Spring Break Planning 101

A week-long getaway from school with your best pals? Sounds fantastic. Planning it? Not so much.




Two’s a party, three’s a crowd, and all 15 of your college floor mates could be trouble. Before deciding on any plans at all, make sure you have some ground rules when it comes to commitment. One person-- or a few-- bailing at the last minute is a headache waiting to happen. Having X people vying for X different things can get tricky, especially with a larger group, so consider having one person call the logistical shots but do avoid a vaca tyranny.




From that one friend that refuses to spend more than the bare minimum (and should probably be on TLC’s Extreme Couponing,) to another that couldn’t care less how much cash she’s spending, navigating costs of the trip can be a tentative subject. Be on the same page-- have everyone discuss their ideal budget and make sure everyone is willing to compromise when needed.
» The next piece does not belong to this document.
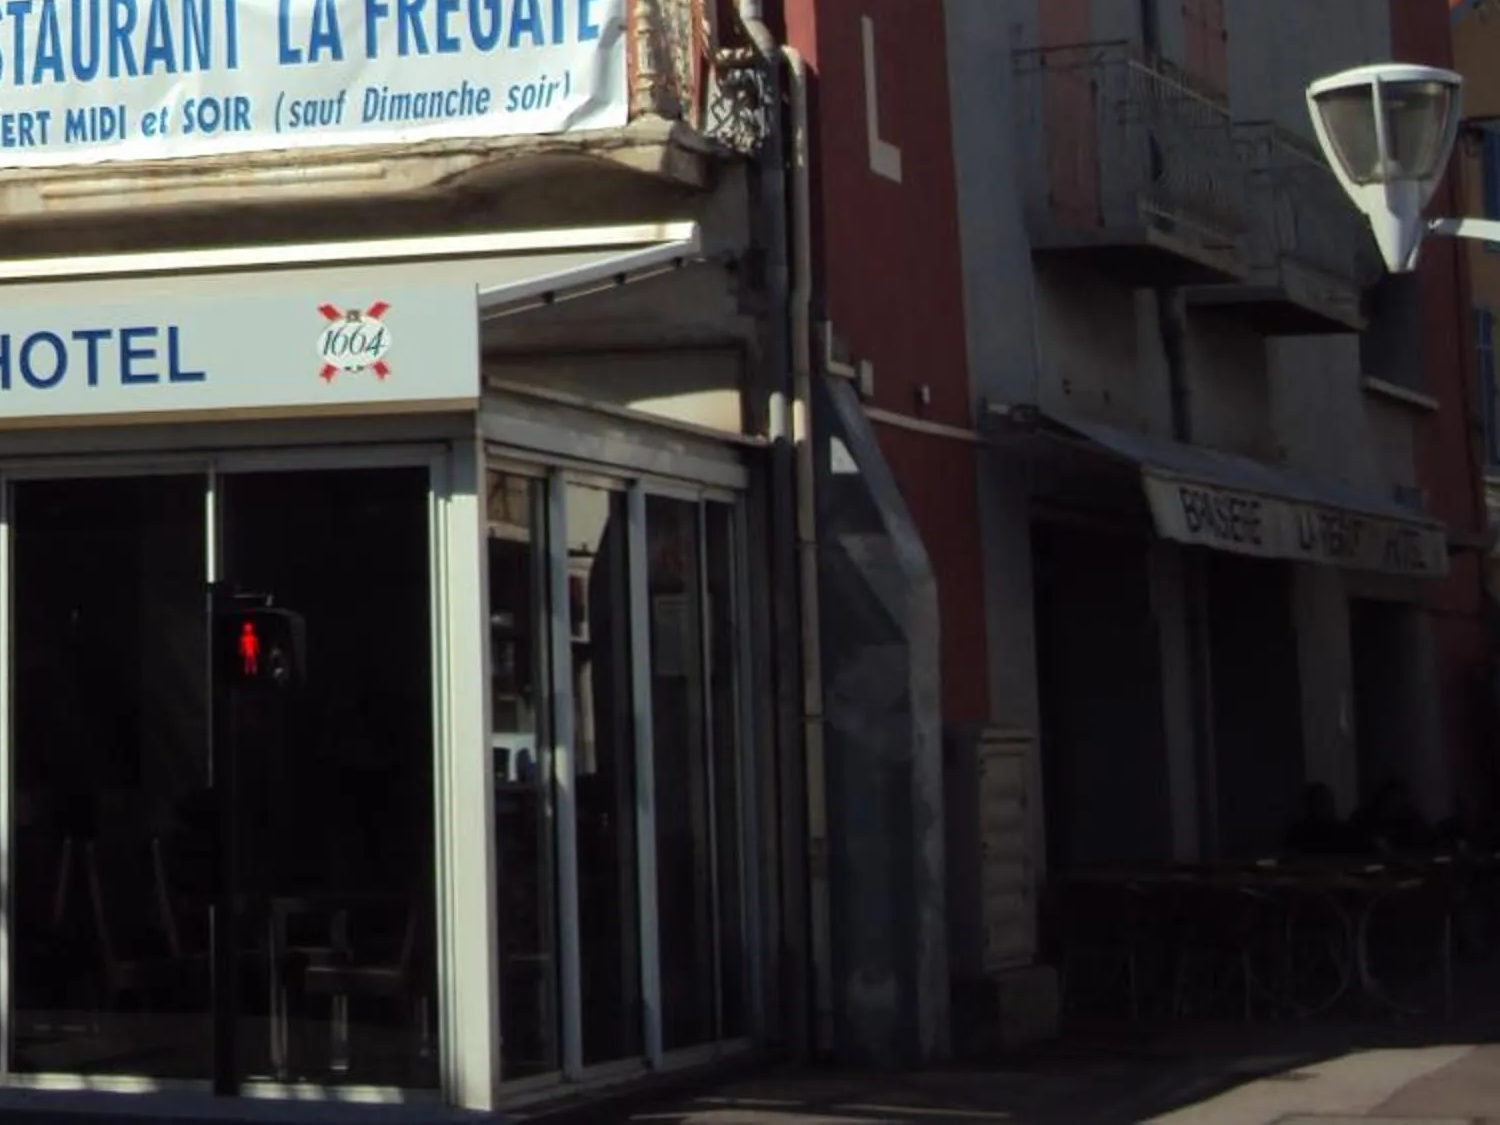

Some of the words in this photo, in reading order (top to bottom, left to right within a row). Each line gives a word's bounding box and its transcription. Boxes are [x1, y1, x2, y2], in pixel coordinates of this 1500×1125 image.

This is-- quite possibly-- the most difficult aspect of planning a spring break trip. Exotic locations like Cancun or Cabo sound great but are sometimes out of reach. And remember, if you’re staying in the country, most beach locations commonly associated with spring break aren’t the warmest, as the week-off is typically scheduled just as winter is on the way out. Look at other options that won’t have you shivering in a bikini in 55-degree weather, like Nashville or NYC, a ski trip or camping.




The internet is truly a magical place. There are huge discounts on air travel for college students, all-inclusive or partial package deals for your entire trip, and sites like Airbnb and VRBO offer significant as hotel alternatives. Check out websites specifically aimed at college students such as Student City, Student Universe, and STA Travel.




Eating out at restaurants for a week straight can be pricey. If your lodging accommodations have a kitchen, take advantage! (You may want to put that on your radar while choosing a place to stay.) Whether you’re traveling with a few friends or a bigger group, not everyone is going to want to do the same things, eat at the same places and spend a full week with no alone time. Split up when needed so everyone can make the most of their trip.




It’s sadly far too easy to get bogged down with logistics and organization and a spotless itinerary, so keep in mind this doesn’t have to be the perfect week. If you’re the one planning the trip, don’t be too hard on yourself to make it great. If you’re not mainly planning it but there’s someone who is, be kind. It’s stressful to not want to disappoint your friends and how they’re spending their time and money. Remember to ENJOY your week off.